Saved data entries
▼▼▼
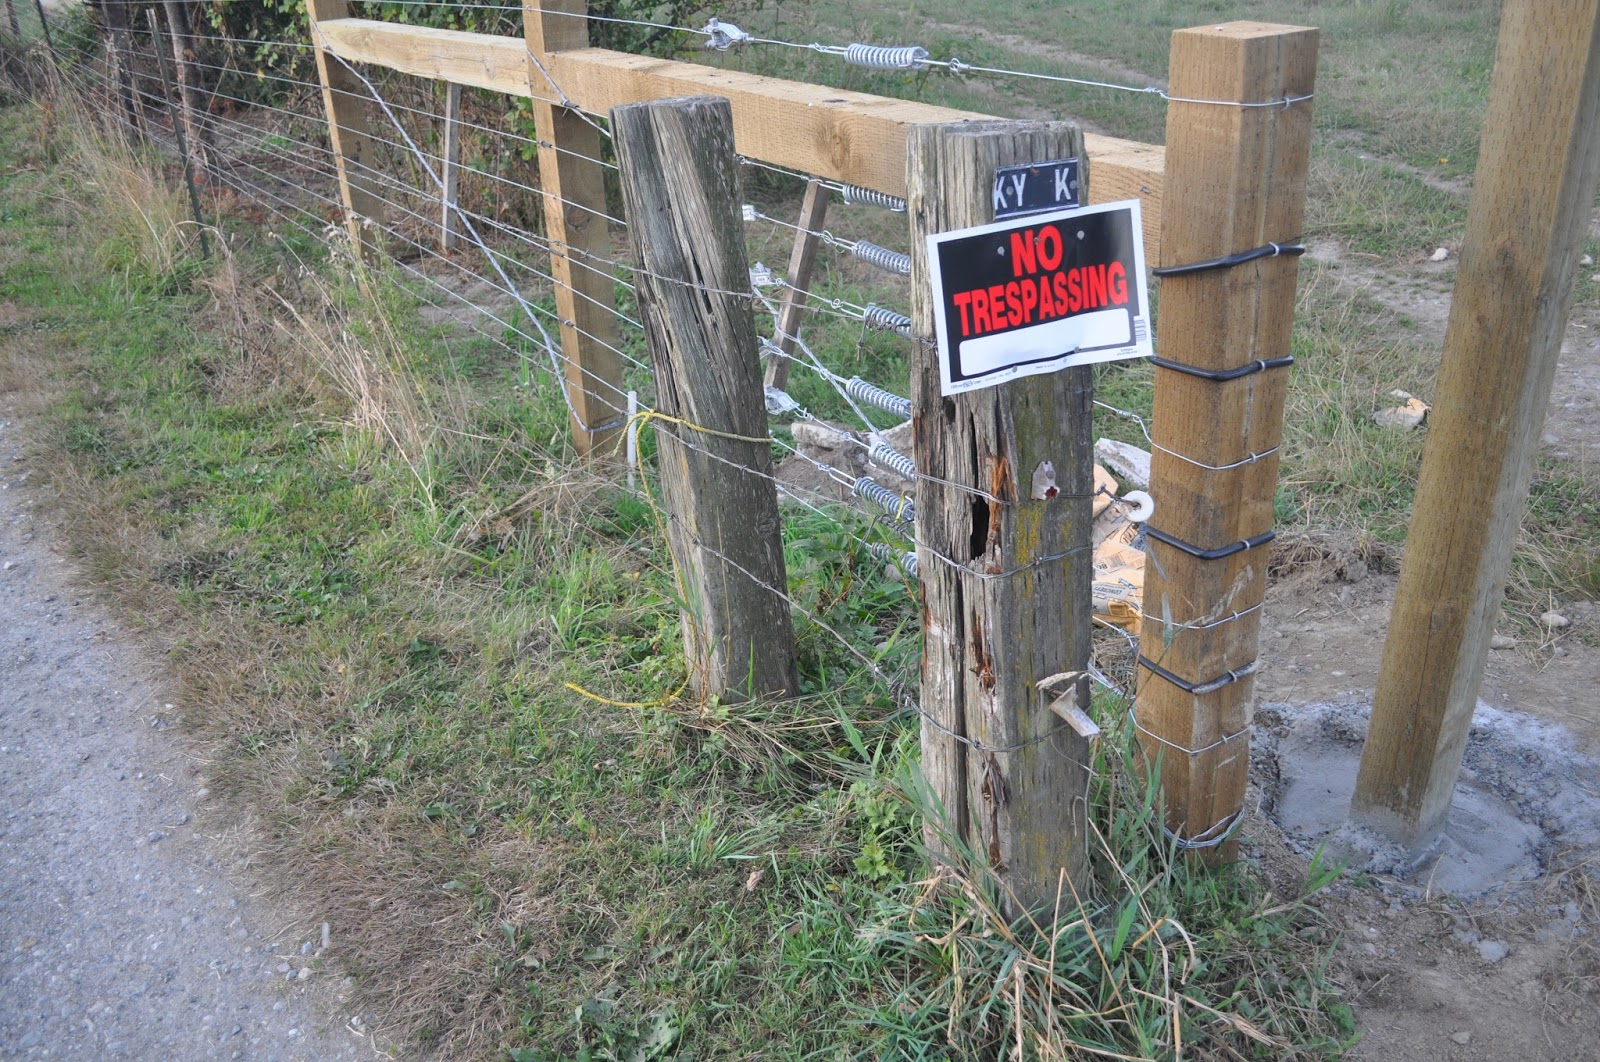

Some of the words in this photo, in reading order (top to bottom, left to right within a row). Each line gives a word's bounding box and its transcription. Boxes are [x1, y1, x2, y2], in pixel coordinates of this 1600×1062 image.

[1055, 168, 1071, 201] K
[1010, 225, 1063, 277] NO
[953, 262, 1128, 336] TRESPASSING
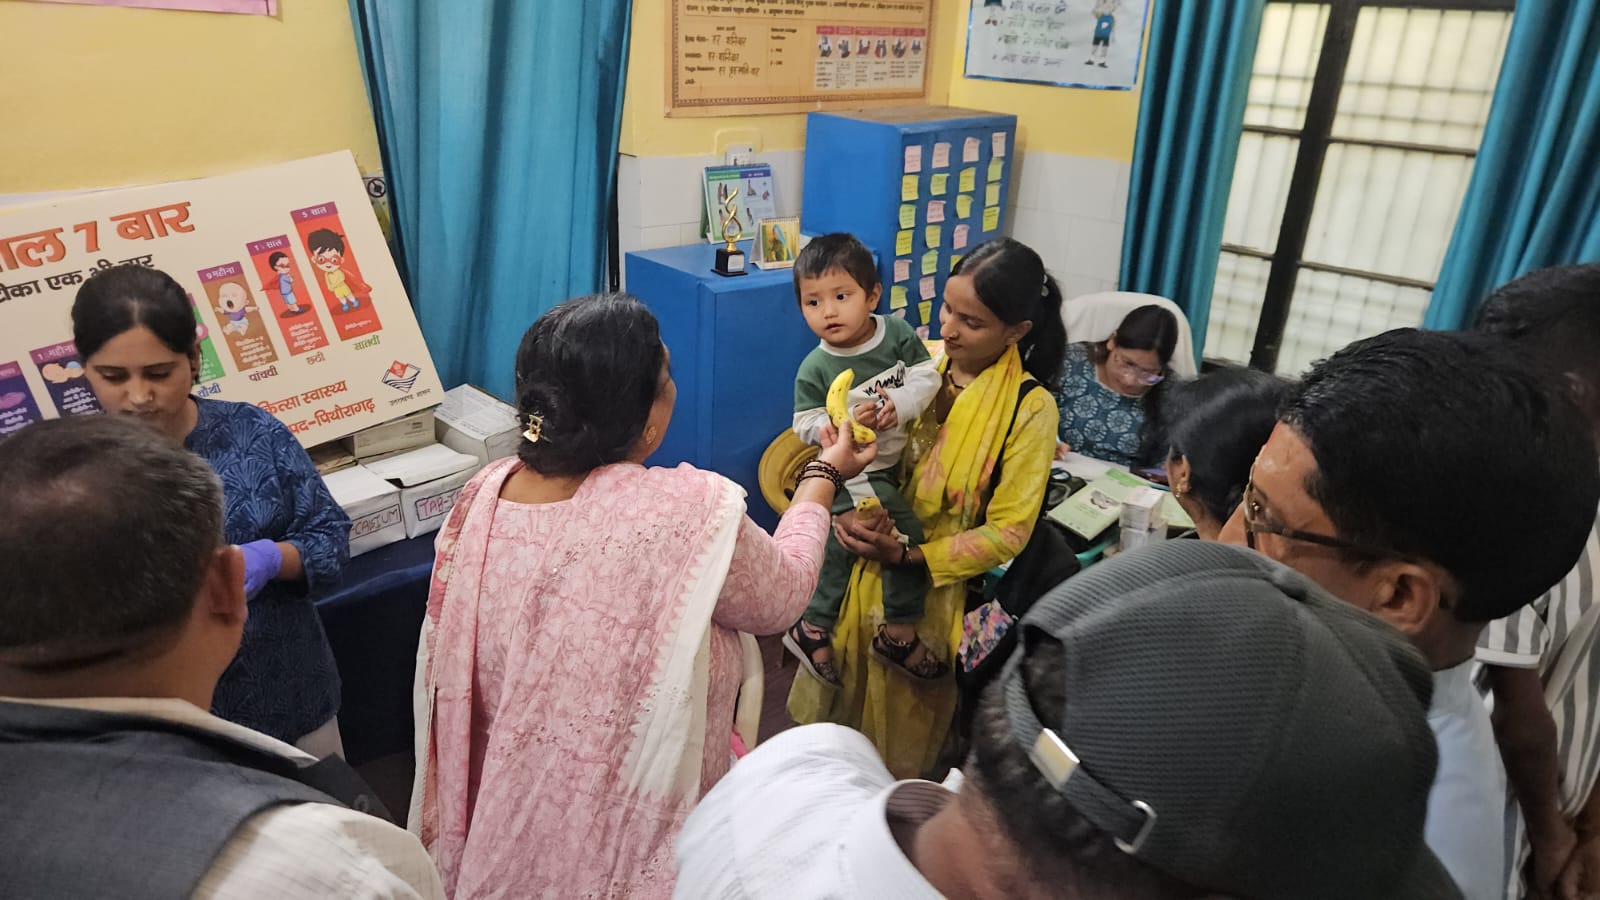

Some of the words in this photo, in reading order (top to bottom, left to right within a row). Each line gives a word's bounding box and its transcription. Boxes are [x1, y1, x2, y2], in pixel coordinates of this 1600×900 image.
▲▲▲
**AIM OF THE TASK:** What is wanted is a verbatim transcription of every record above, pictures excluded.

**WORKED SOLUTION:**
Some of the words in this photo, in reading order (top to bottom, left to right within a row). Each line gives a word's bounding box and its transcription. Boxes are [x1, y1, x2, y2], in pixel coordinates of this 1600×1062 image.

[1055, 168, 1071, 201] K
[1010, 225, 1063, 277] NO
[953, 262, 1128, 336] TRESPASSING

Some of the words in this photo, in reading order (top to bottom, left to right within a row). Each line gives a word's bounding box and its transcription. Boxes are [x1, y1, x2, y2], in pixel coordinates of this 1600×900 image.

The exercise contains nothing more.